### WHAT IS REQUIRED
Print each entry again exactly as written, and keep the pictures out.

>>

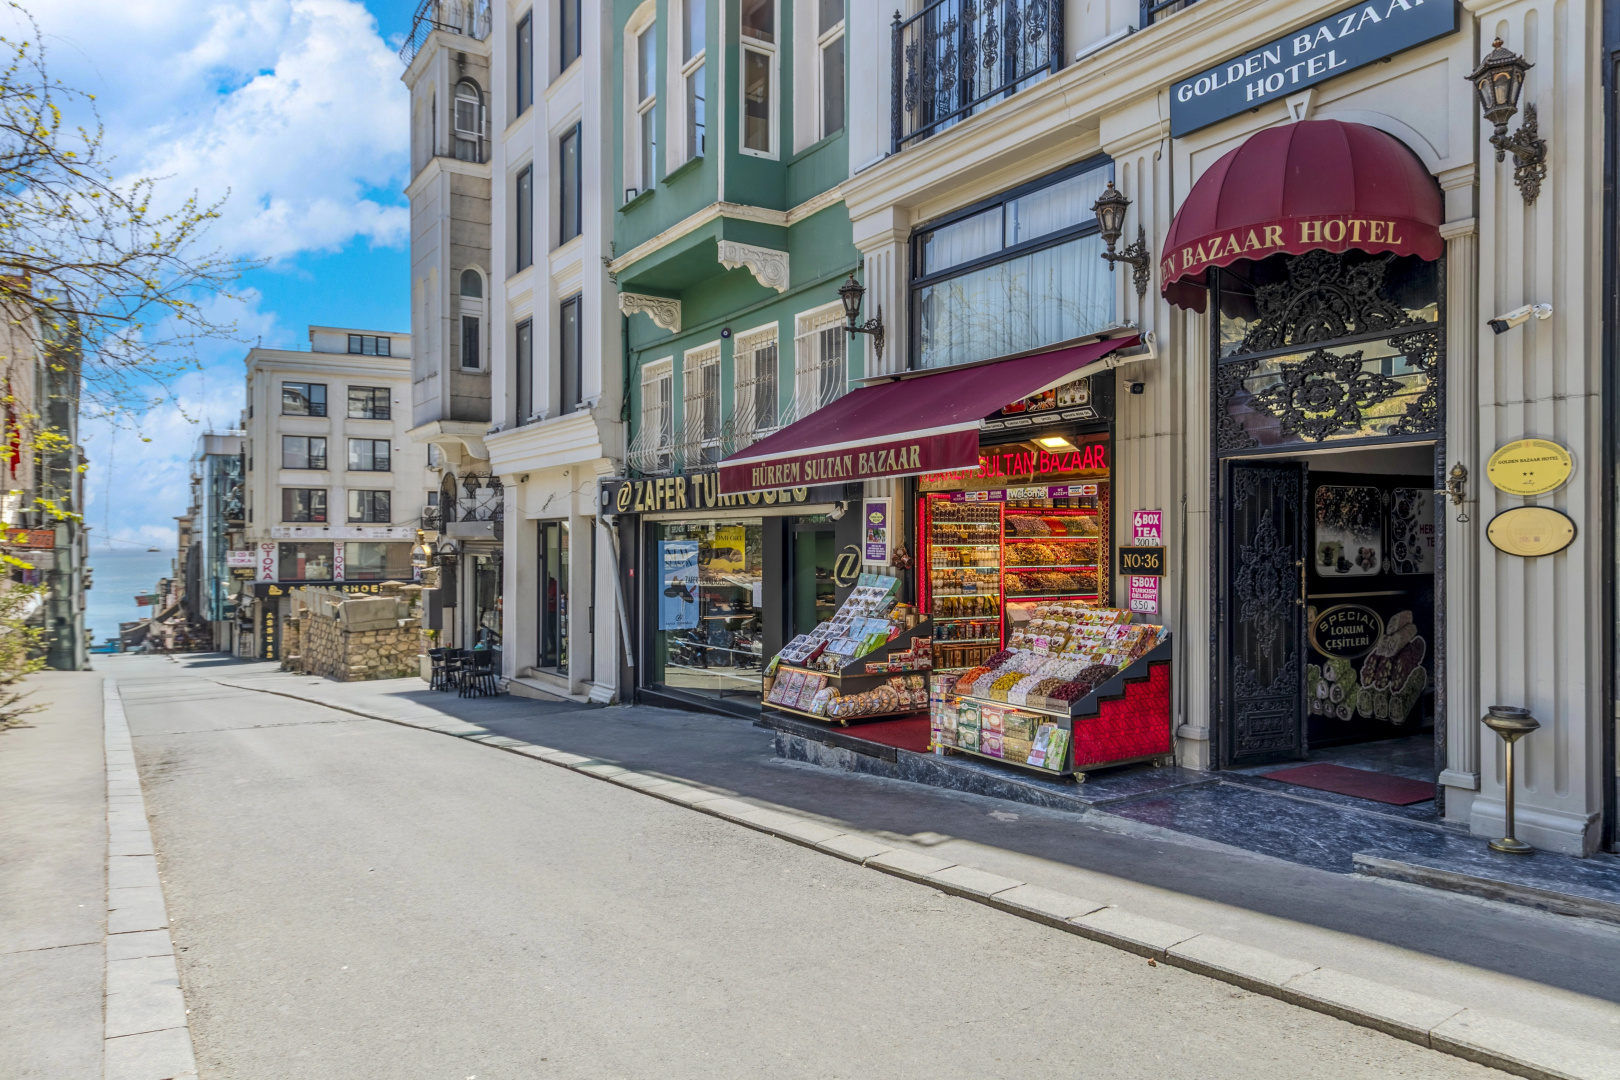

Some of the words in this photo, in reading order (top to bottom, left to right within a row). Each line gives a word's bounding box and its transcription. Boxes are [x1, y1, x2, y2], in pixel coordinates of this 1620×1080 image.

[1177, 46, 1281, 102] GOLDEN
[1293, 0, 1425, 56] BAZAA
[1246, 50, 1347, 101] HOTEL
[1182, 225, 1285, 270] BAZAAR
[1299, 219, 1402, 245] HOTEL
[752, 461, 800, 487] HÜRREM
[804, 454, 853, 481] SULTAN
[858, 445, 921, 475] BAZAAR
[977, 452, 1034, 478] SULTAN
[1040, 444, 1107, 474] BAZAAR
[634, 476, 687, 511] ZAFER
[1010, 488, 1045, 499] Welcome
[1136, 527, 1158, 537] TEA
[1419, 524, 1435, 535] HER
[712, 534, 743, 542] OMFORT
[1123, 553, 1159, 568] NO:36
[1132, 600, 1148, 610] 350
[1319, 611, 1376, 632] SPECIAL
[1331, 625, 1364, 636] LOKUM
[1325, 635, 1369, 650] ÇEŞİTLERİ
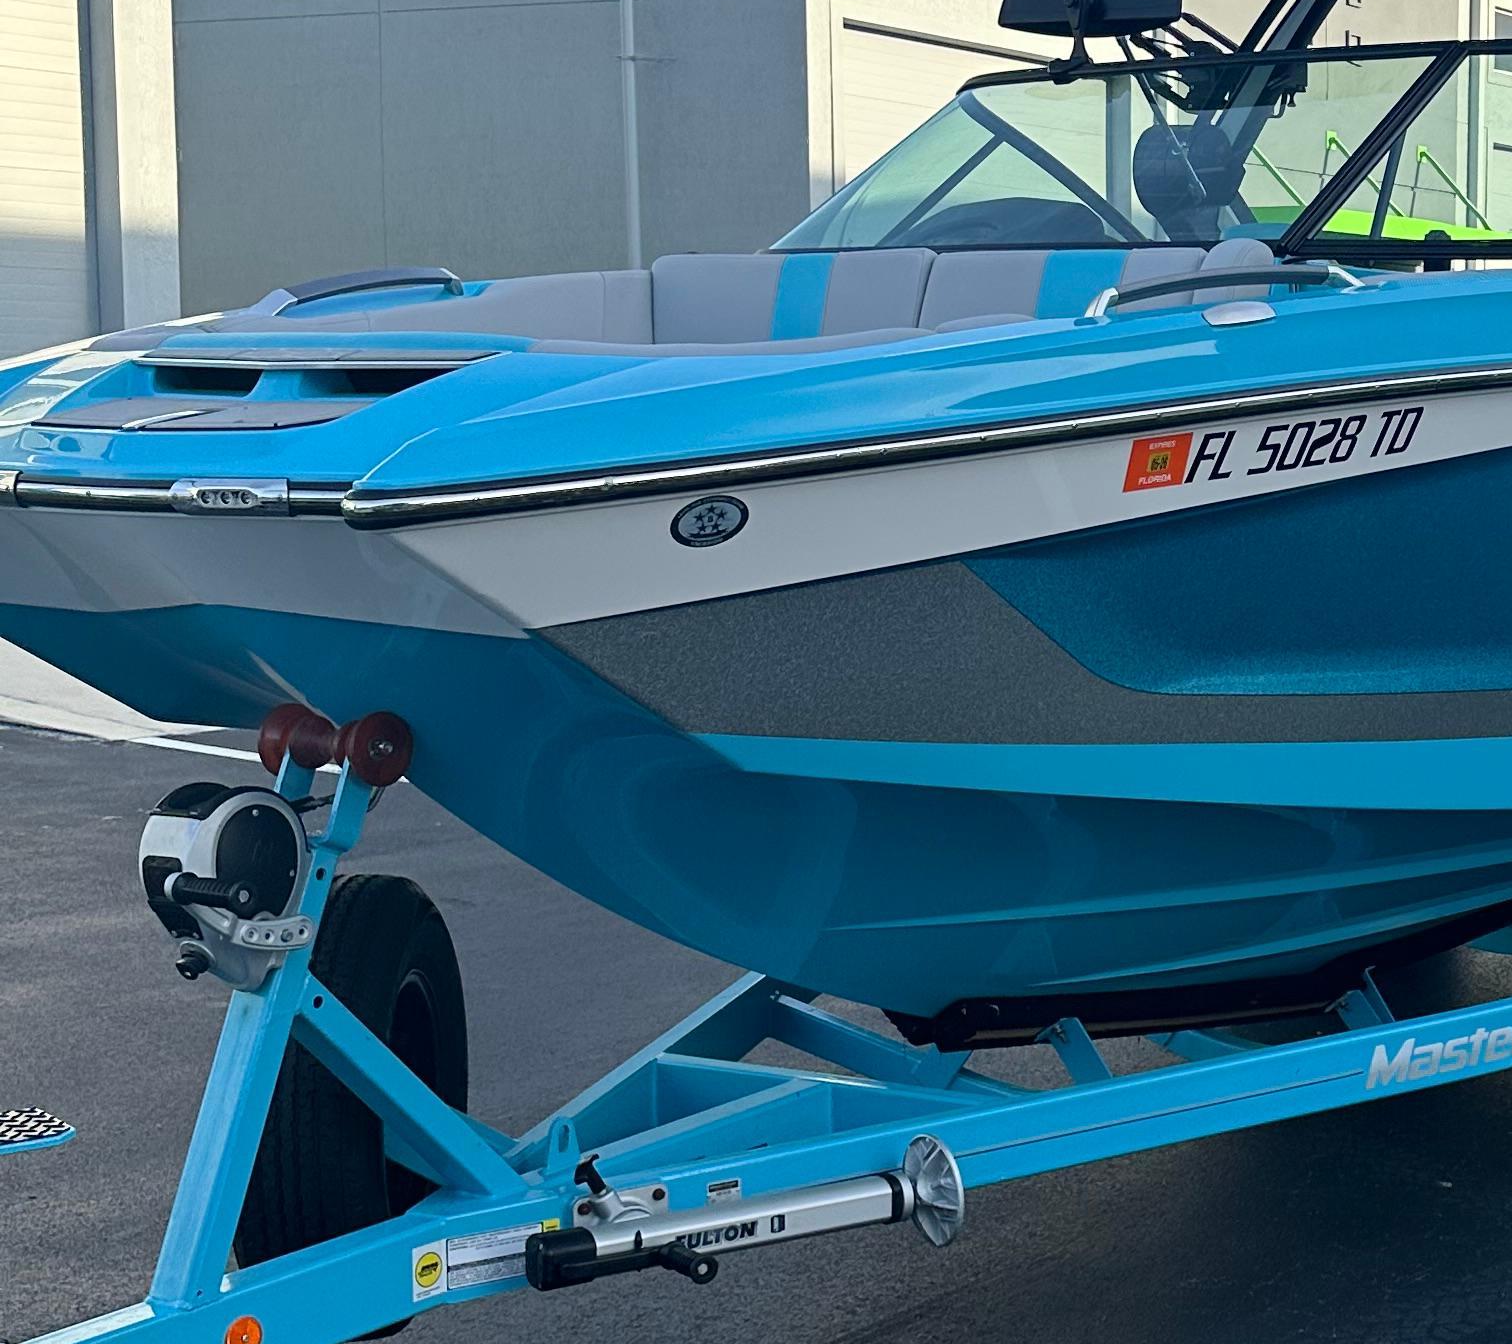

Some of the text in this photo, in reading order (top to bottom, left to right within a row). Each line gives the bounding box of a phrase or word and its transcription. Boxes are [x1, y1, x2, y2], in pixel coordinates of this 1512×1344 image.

[1184, 430, 1237, 484] FL
[1246, 414, 1367, 476] 5028
[1137, 473, 1172, 486] FLORIDA
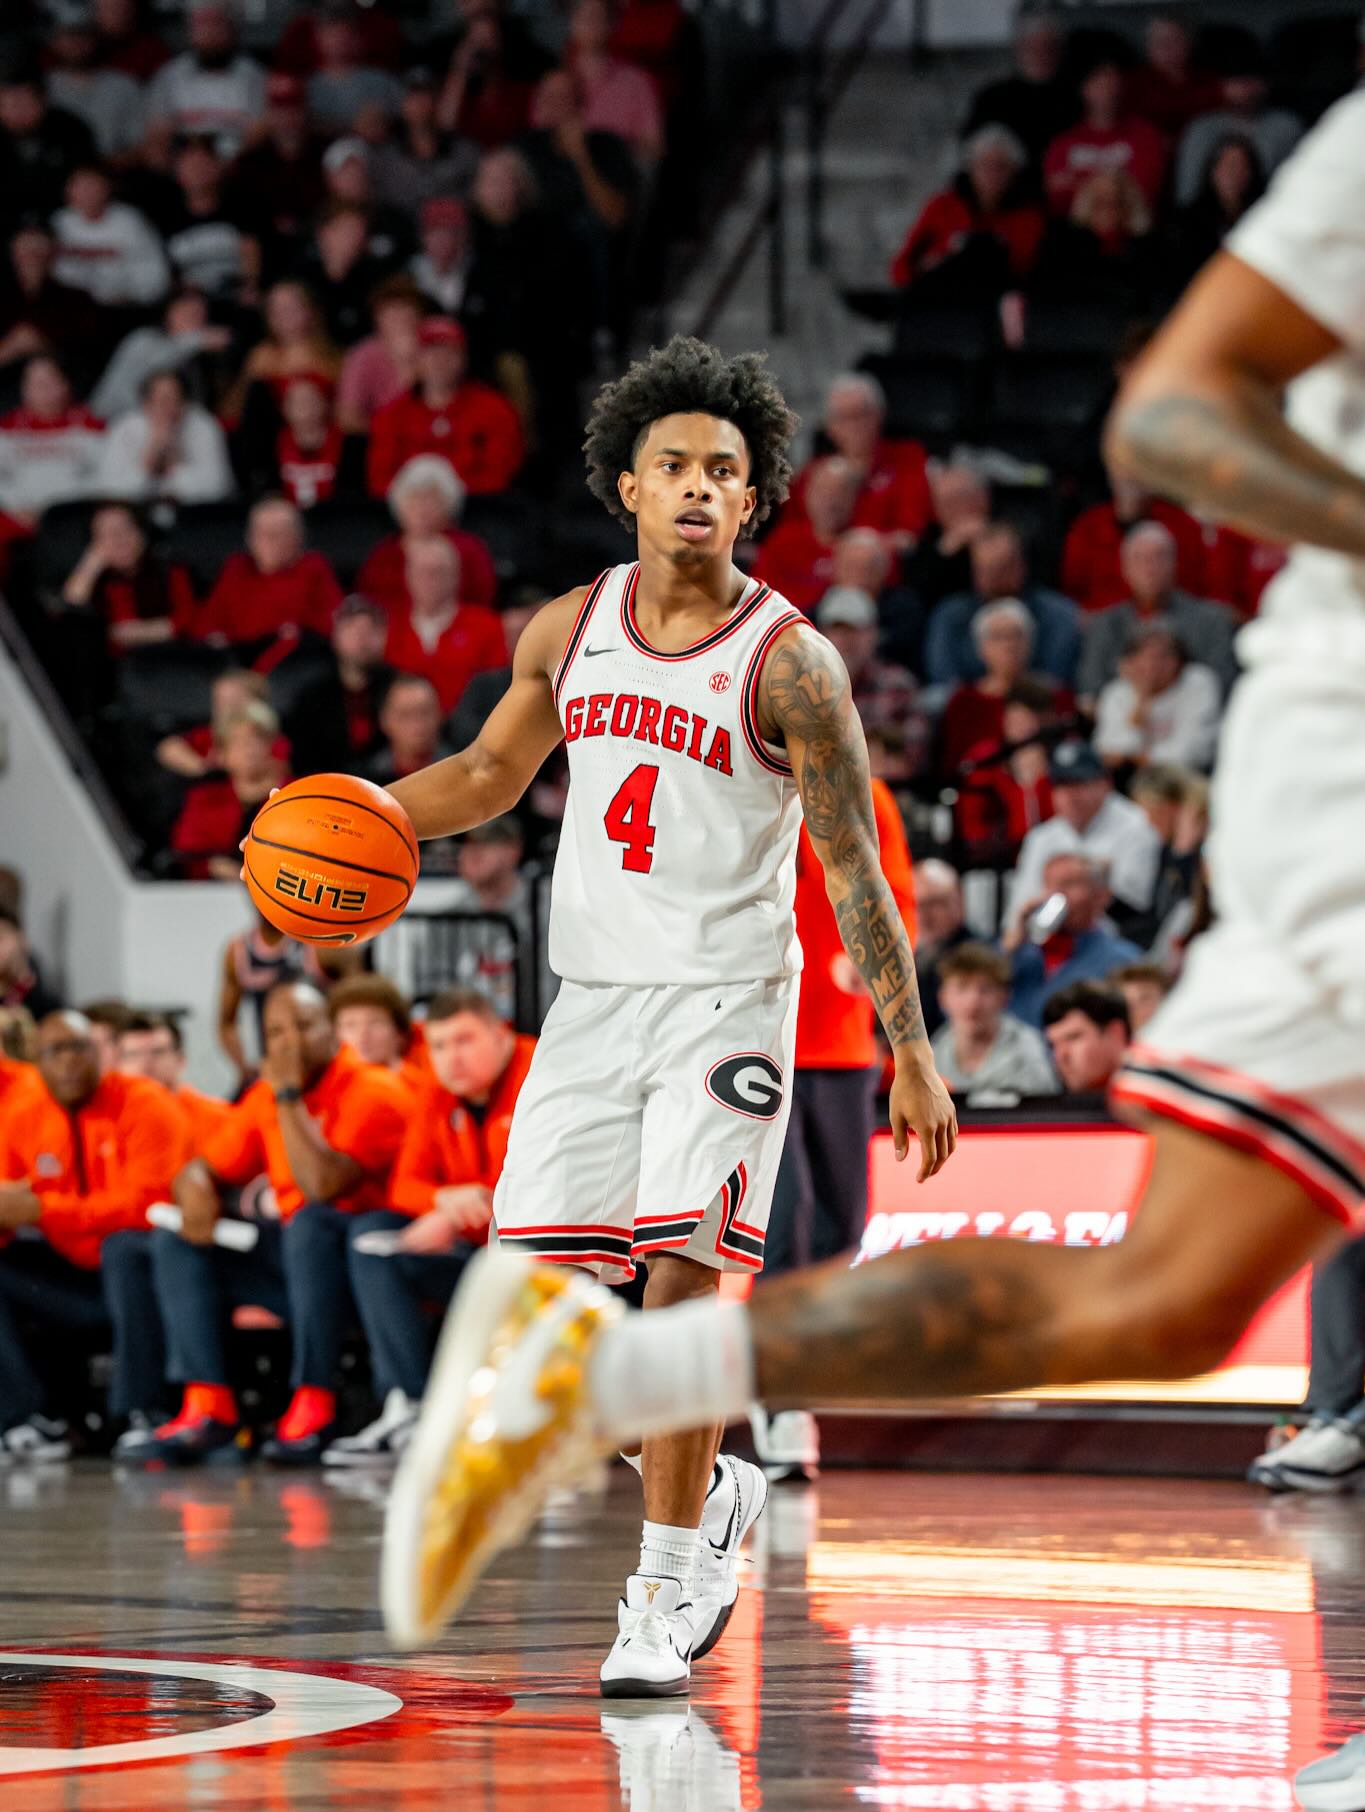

<<

### ANSWER AREA
Some of the words in this photo, in reading order (top to bottom, left to right within a row). Each line gives a word's bounding box and its transcription. Boxes are [x1, y1, x2, y2], in pixel coordinates of this 1620×1080 image.

[1177, 46, 1281, 102] GOLDEN
[1293, 0, 1425, 56] BAZAA
[1246, 50, 1347, 101] HOTEL
[1182, 225, 1285, 270] BAZAAR
[1299, 219, 1402, 245] HOTEL
[752, 461, 800, 487] HÜRREM
[804, 454, 853, 481] SULTAN
[858, 445, 921, 475] BAZAAR
[977, 452, 1034, 478] SULTAN
[1040, 444, 1107, 474] BAZAAR
[634, 476, 687, 511] ZAFER
[1010, 488, 1045, 499] Welcome
[1136, 527, 1158, 537] TEA
[1419, 524, 1435, 535] HER
[712, 534, 743, 542] OMFORT
[1123, 553, 1159, 568] NO:36
[1132, 600, 1148, 610] 350
[1319, 611, 1376, 632] SPECIAL
[1331, 625, 1364, 636] LOKUM
[1325, 635, 1369, 650] ÇEŞİTLERİ

Some of the text in this photo, in reading order (top to bottom, left to right within a row). Each line gives the bounding box of a phrase or word and its transcription. Boxes are [x1, y1, x2, y2], in pixel coordinates of this 1512×1344 image.

[1184, 430, 1237, 484] FL
[1246, 414, 1367, 476] 5028
[1137, 473, 1172, 486] FLORIDA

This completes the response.